Headmaster, Martin Francis says ‘We wanted an environmentally friendly, child centred nursery.’
The architects, Owen Williams Consultants, responded by designing the main structural elements of the building using timber and specified timber windows and doors throughout. Matthew Robinson, Project Architect, emphasises ‘The aim was to create a sustainable building and to make it look as natural as possible’
The architects created a single storey, rectangular building which maximises the availability of natural light by the extensive use of glazed walling. They also incorporated an intelligent lighting system which self manages the light within the building.
A glulam post and beam construction enabled the economical creation of a clear span building with a slightly curved roof, with a radius of some 40m, resulting in a flexible, open space ideal for varied nursery education use.
Two walls are brickwork, broken by windows in ‘primary shapes’ – a triangle, a circle and a rectangle – and two walls, (the east and south walls), are entirely glazed. Three roof lights echo the primary window shapes, also being a triangle, a circle and a rectangle. Hard landscaping has been strictly limited, with the glazed doors opening onto timber decking, with grass steps to the lower levels.
While the curved roof profile, which interfaces with full height glazing at either end, is undoubtedly aesthetically pleasing, it presented something of a challenge for the window suppliers, Broxwood, as it required the glazed timber sections to have a radius equal to that of the roof.
Ron MacKelvie joint MD of Broxwood explains ‘Our challenge was to make sure that the curved glazed sections matched with the radius of the roof beams exactly – which we managed.’
The glazed panels were completely prefinished and factory glazed with a low-e argon filled unit with a u value of 1.1, contributing to the environmental benefits of the development. By using prefinished units build time was speeded up and the risk of site damage during construction was greatly reduced. Further environmental benefits accrued from the use of windows and door frames made from laminated Siberian larch. As this is a particularly dense wood, it requires no preservative treatment, which softwood alternatives e.g. red pine might do.

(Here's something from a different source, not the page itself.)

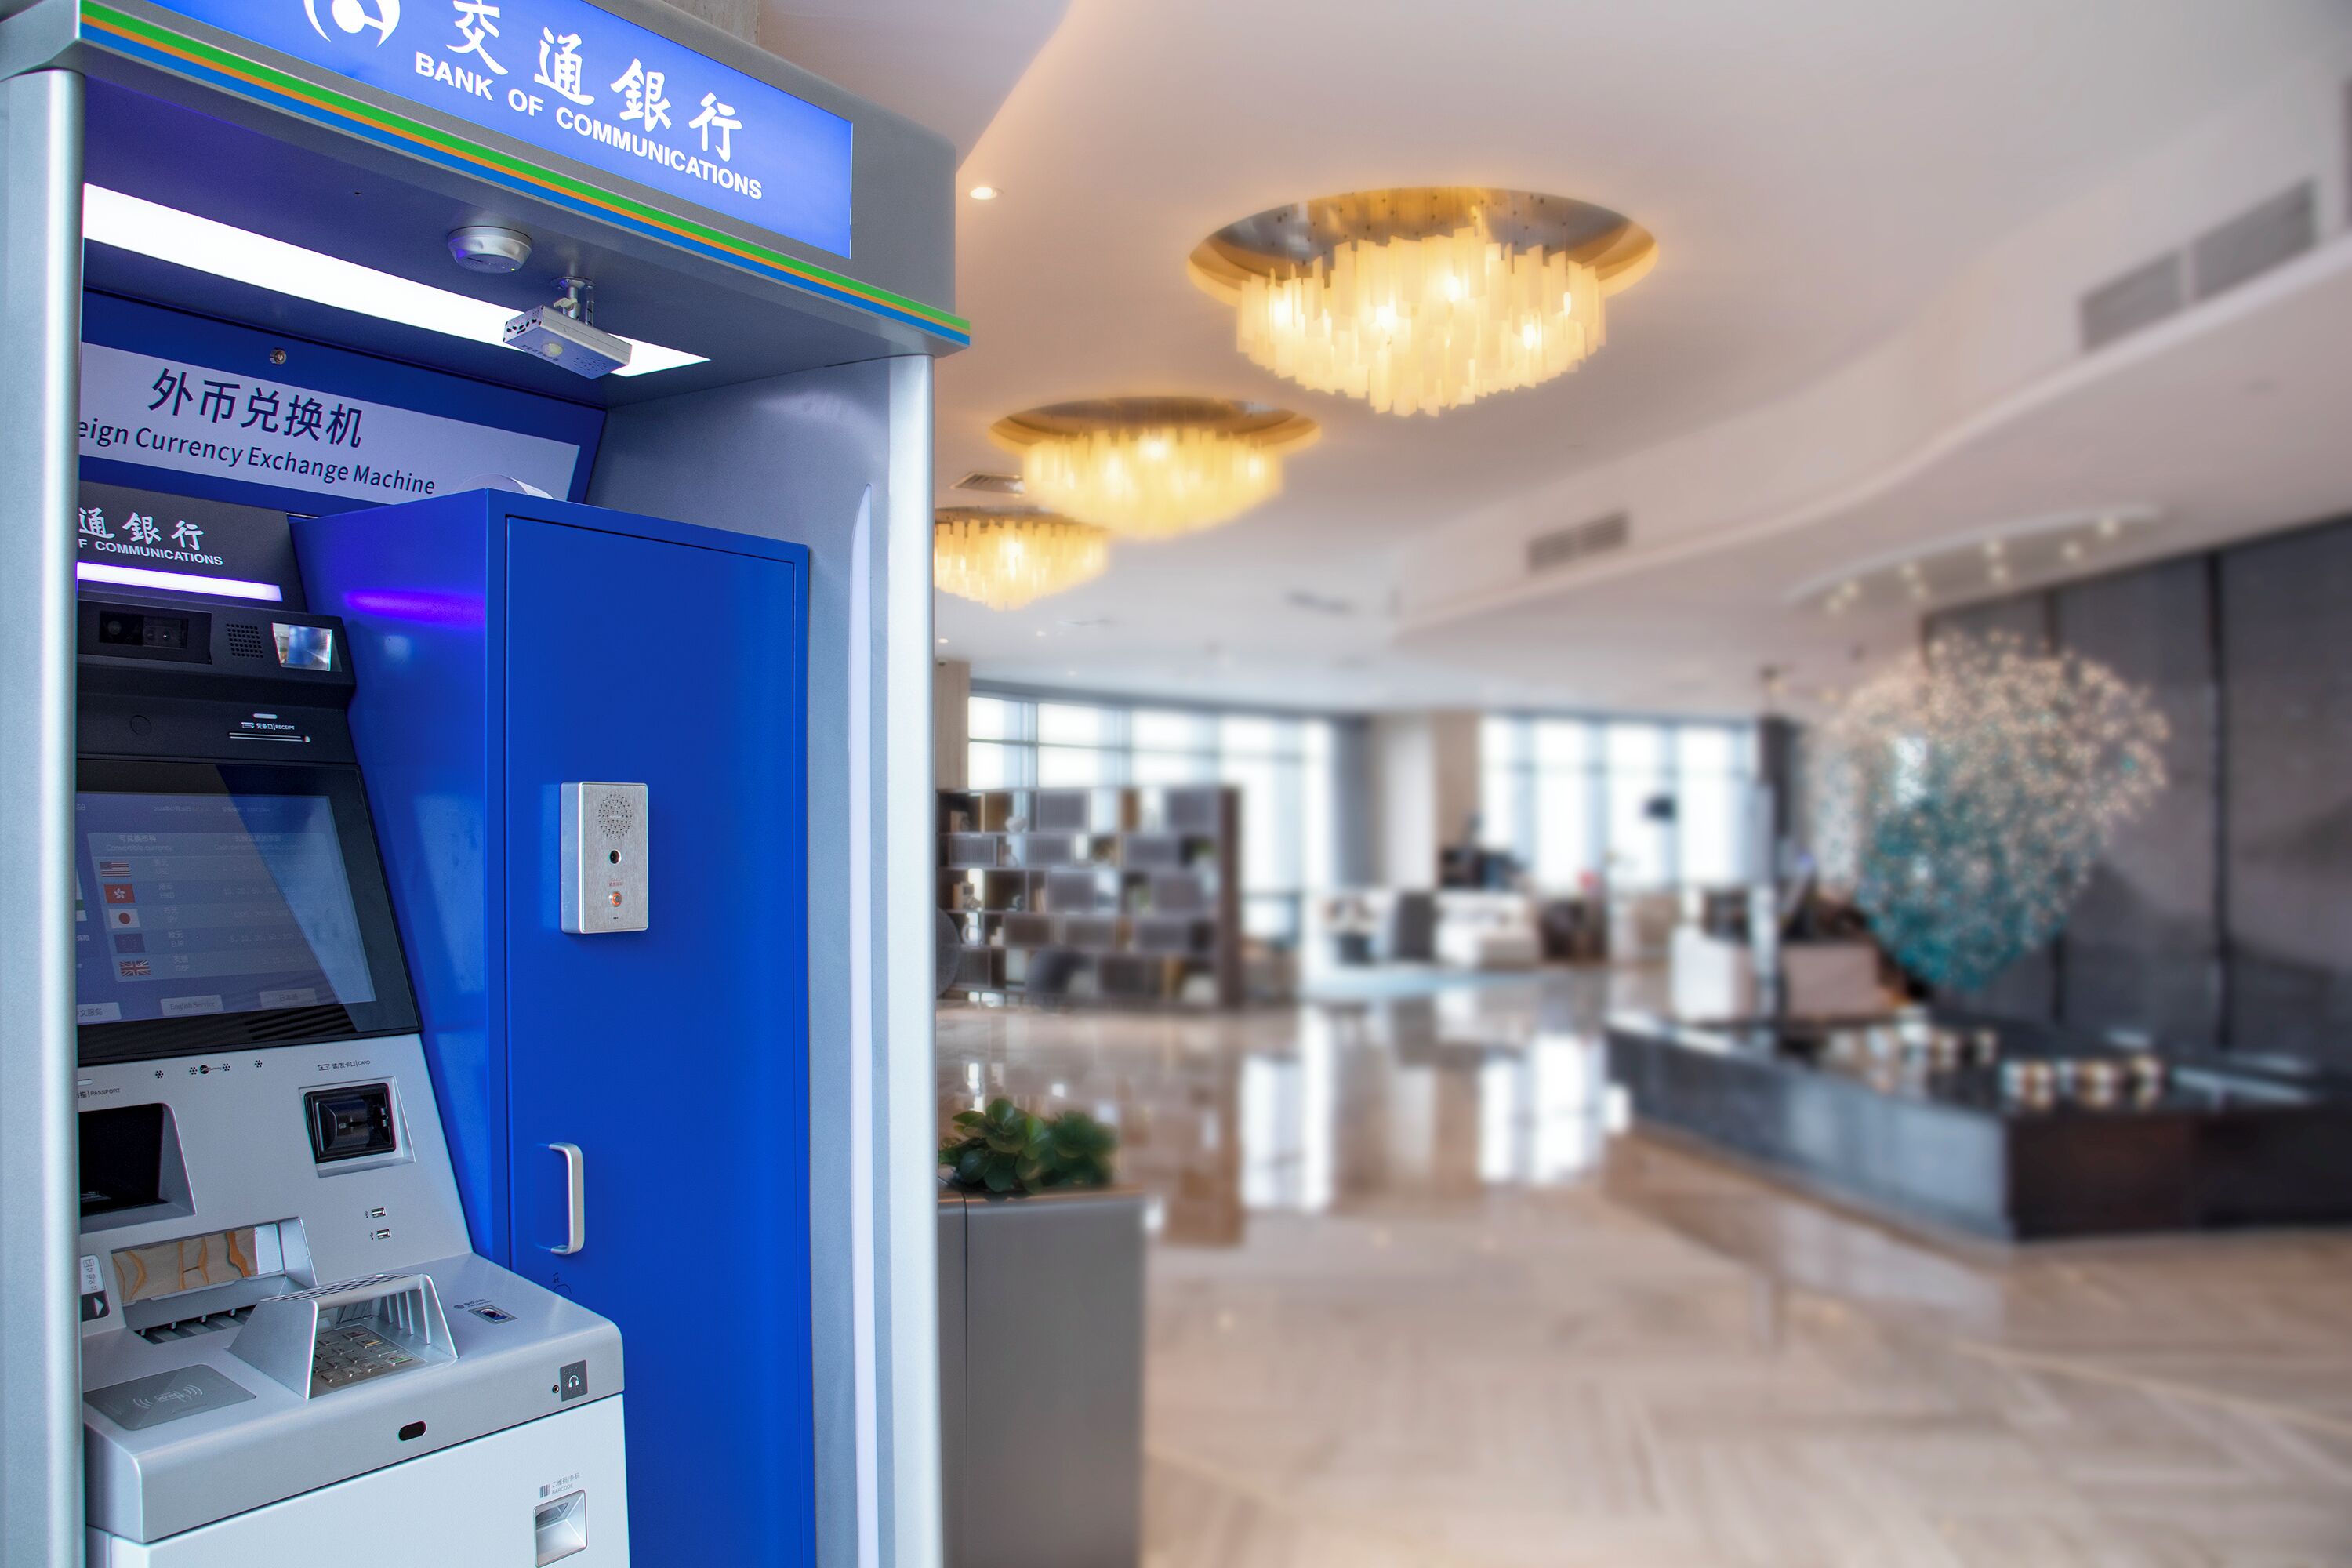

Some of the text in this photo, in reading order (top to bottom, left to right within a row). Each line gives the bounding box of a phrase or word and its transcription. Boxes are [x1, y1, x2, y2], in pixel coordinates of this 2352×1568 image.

This environmentally friendly building is topped off by the ultimate in natural roofing – a sedum roof. Supplied as a package by German firm Erisco Bauder, the sedum based turf provides a good, sustainable alternative roof finish, which once established, requires only occasional watering and feeding. The overall effect is pleasing, particularly in late summer when it flowers.
It is fitting that this forward-looking building should be dedicated to Loraine Matthew-Williams, one of the parents instrumental in its instigation. A plaque at the entrance records her very fitting catchphrase ‘Forward ever, backward never!’